Learning how to be aware without judging is a difficult task for most people, especially when it comes to themselves. One way to let go of judgment is to replace it with curiosity. Simply be curious about how you’re feeling, what you’re experiencing, and what signals your body is sending you. Ask yourself questions out of curiosity and a genuine desire to understand.

This process will often reveal emotions and past issues you haven’t fully let go of, so that you can finally release them instead of suppress. You can gain valuable insight on what you need to do to help yourself feel better by practicing mindfulness.

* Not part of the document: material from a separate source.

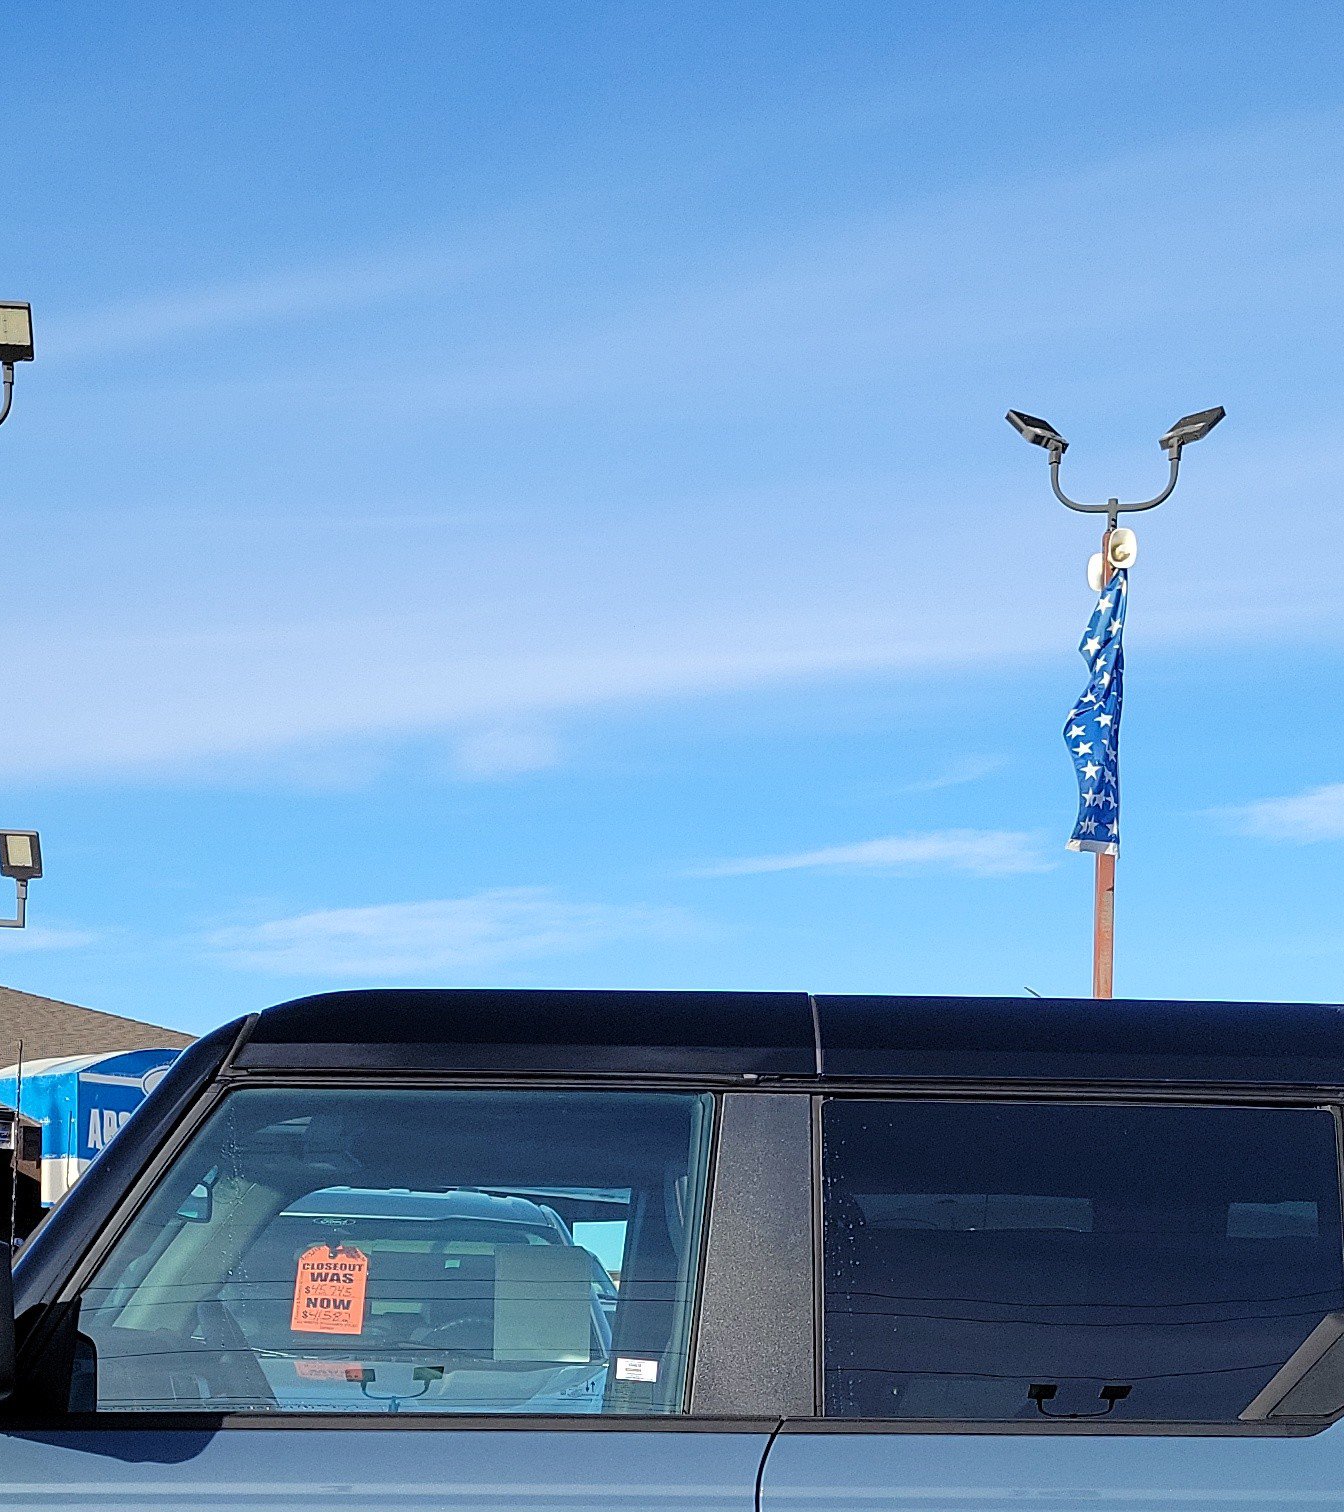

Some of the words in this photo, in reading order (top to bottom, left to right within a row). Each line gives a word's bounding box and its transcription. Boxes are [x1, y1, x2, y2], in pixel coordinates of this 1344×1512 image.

[302, 1262, 364, 1272] CLOSEOUT
[310, 1272, 354, 1284] WAS
[306, 1297, 353, 1310] NOW

#2 Pay Attention to Any Signs of Resistance

Resistance shows up in different ways for each person. Common signs of resistance that you may experience when getting intimate with your partner include suddenly feeling tired, irritated, anxious, numb, and foggy. Your muscles may even tense up. Notice how your body shows resistance without judging it. Once you know how you’re resisting, you can explore what’s behind the resistance and solve the problem.

#3 Communicate Effectively with Your Partner

You may find that you need to talk to your partner about a problem you’re experiencing that’s affecting your sex life. For instance, maybe you feel insecure about having a health issue. Or perhaps you have some conflict with your partner. Just make sure to use good communication skills when discussing it with your significant other to prevent fights or accusations. A quick tip for communicating effectively is to not start your sentences with “you”. Phrase what you think and feel in “I” statements. It’s not “you make me mad when you _____.” It should be “I feel mad when you _____.”

Conclusion

Practicing mindfulness in addition to hormone therapy is a good way to tackle both aspects of a low libido: physical and mental. Women, in particular, benefit from mindfulness because their emotions are generally more influential on their sex drive in comparison to men.